Article Text
Abstract
Background Given the heterogeneity of clinical outcomes for patients with NSCLC treated with immunotherapy, there remain subpopulations for which immunotherapy has poor efficacy. Identification of these subgroups allows for better stratification within the NSCLC treatment paradigm and may also allow for the development of novel subject-specific therapeutics. We aimed to identify subgroups with poor responses to immunotherapies by performing subgroup-level meta-analyses.
Methods A systematic search of LARVOL CLIN was performed to identify randomized phase 3 trials comparing at least one immunotherapeutic agent (pembrolizumab, cemiplimab, nivolumab, atezolizumab, durvalumab, tislelizumab, toripalimab or avelumab) to non-immunotherapy regimens for NSCLC. Trials that did not report overall survival (OS) hazard ratios (HR) for patient subgroups were excluded. The data was organized into 24 binarized subgroup pairs based on subject demographics, clinical factors and mutation status and evaluated for each of the eight drugs. The DerSimonian and Laird method was used to perform meta-analyses for each subgroup pair across all eight immunotherapuetic agents. The relative performance of each subgroup was assessed based on the difference in HR across all trials.

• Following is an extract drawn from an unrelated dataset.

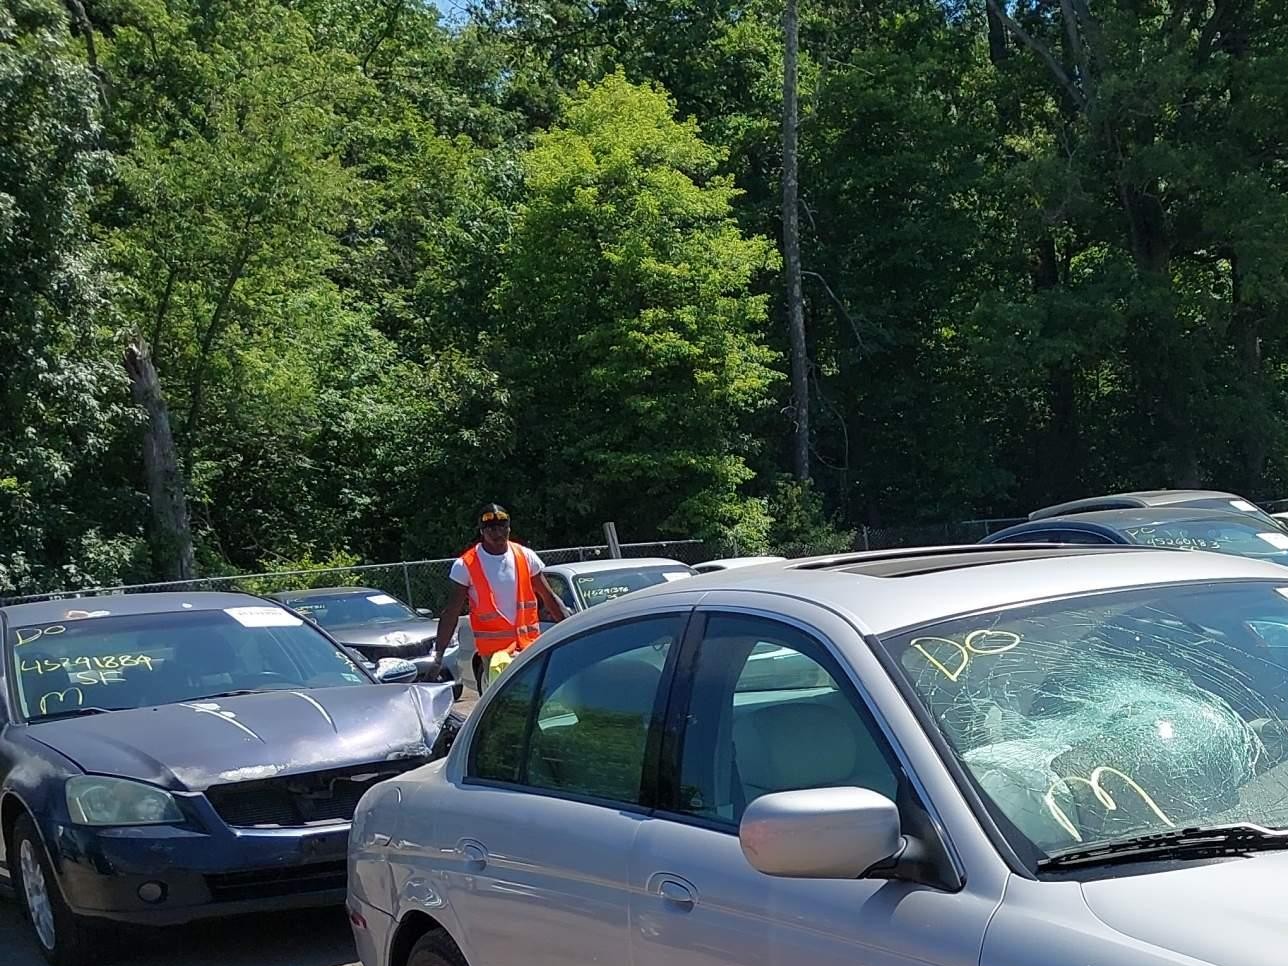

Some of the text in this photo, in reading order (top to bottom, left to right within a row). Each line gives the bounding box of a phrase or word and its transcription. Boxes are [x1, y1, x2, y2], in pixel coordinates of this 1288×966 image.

[16, 625, 67, 646] DO
[910, 629, 1021, 682] DO
[1044, 766, 1177, 842] M

Results 175 trials of NSCLC involving immunotherapeutic agents were identified of which 34 met criteria. The subgroup pair of male versus female had the largest number of trials at 26 trials across the eight agents. EGFR mutation (HR difference: 0.26, p-value<0.05), PD-L1<50% (HR difference: 0.14, p-value<0.001), and TMB<16 (HR difference: 0.24, p-value<0.001) were all identified as subgroups with poor responses to immunotherapies across all eight agents. The presence of NOTCH 1–4 mutations was identified as a subgroup with favorable response to immunotherapy across all eight agents (HR difference: -0.53, p-value<0.01) (figure 1).
Conclusions Consistent with previous data, our subgroup-level meta-analyses identified low PD-L1 expression, low tumor mutation burden and the presence of EGFR mutations as subgroups that do not have favorable responses to immunotherapy. Additionally, we found that NOTCH 1–4 mutations predict a favorable response to immunotherapy. These data present the most comprehensive study of NSCLC subgroups response to immunotherapy and the methodology presented here can be expanded upon to identify previously unknown subgroups that may benefit from alternative treatment paradigms.